Data shown:
#####
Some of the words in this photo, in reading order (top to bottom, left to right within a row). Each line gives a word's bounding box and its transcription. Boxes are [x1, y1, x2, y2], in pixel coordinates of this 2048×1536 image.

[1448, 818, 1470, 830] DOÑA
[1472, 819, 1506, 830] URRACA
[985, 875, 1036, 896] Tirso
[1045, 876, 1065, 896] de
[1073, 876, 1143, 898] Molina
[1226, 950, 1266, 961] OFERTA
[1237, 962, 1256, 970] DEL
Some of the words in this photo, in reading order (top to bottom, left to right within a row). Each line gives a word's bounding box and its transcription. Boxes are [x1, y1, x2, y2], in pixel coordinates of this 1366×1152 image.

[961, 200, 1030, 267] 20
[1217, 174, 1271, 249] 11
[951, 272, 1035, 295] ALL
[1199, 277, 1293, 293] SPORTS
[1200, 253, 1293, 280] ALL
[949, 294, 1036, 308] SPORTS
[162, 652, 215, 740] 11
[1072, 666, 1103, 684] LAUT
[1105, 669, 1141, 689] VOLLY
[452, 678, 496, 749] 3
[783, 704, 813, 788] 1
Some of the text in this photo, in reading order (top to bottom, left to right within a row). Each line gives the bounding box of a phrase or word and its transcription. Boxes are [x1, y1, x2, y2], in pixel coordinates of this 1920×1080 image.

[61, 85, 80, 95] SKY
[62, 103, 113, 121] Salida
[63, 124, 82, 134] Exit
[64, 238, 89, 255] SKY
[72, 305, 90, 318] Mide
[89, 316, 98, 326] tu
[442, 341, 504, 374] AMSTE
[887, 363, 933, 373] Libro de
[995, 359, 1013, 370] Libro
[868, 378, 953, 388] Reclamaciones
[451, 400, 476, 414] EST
#####
What the task asks:
Without omitting any record, transcribe the data exactly.

Answer section:
Some of the words in this photo, in reading order (top to bottom, left to right within a row). Each line gives a word's bounding box and its transcription. Boxes are [x1, y1, x2, y2], in pixel coordinates of this 2048×1536 image.

[1448, 818, 1470, 830] DOÑA
[1472, 819, 1506, 830] URRACA
[985, 875, 1036, 896] Tirso
[1045, 876, 1065, 896] de
[1073, 876, 1143, 898] Molina
[1226, 950, 1266, 961] OFERTA
[1237, 962, 1256, 970] DEL
Some of the words in this photo, in reading order (top to bottom, left to right within a row). Each line gives a word's bounding box and its transcription. Boxes are [x1, y1, x2, y2], in pixel coordinates of this 1366×1152 image.

[961, 200, 1030, 267] 20
[1217, 174, 1271, 249] 11
[951, 272, 1035, 295] ALL
[1199, 277, 1293, 293] SPORTS
[1200, 253, 1293, 280] ALL
[949, 294, 1036, 308] SPORTS
[162, 652, 215, 740] 11
[1072, 666, 1103, 684] LAUT
[1105, 669, 1141, 689] VOLLY
[452, 678, 496, 749] 3
[783, 704, 813, 788] 1
Some of the text in this photo, in reading order (top to bottom, left to right within a row). Each line gives the bounding box of a phrase or word and its transcription. Boxes are [x1, y1, x2, y2], in pixel coordinates of this 1920×1080 image.

[61, 85, 80, 95] SKY
[62, 103, 113, 121] Salida
[63, 124, 82, 134] Exit
[64, 238, 89, 255] SKY
[72, 305, 90, 318] Mide
[89, 316, 98, 326] tu
[442, 341, 504, 374] AMSTE
[887, 363, 933, 373] Libro de
[995, 359, 1013, 370] Libro
[868, 378, 953, 388] Reclamaciones
[451, 400, 476, 414] EST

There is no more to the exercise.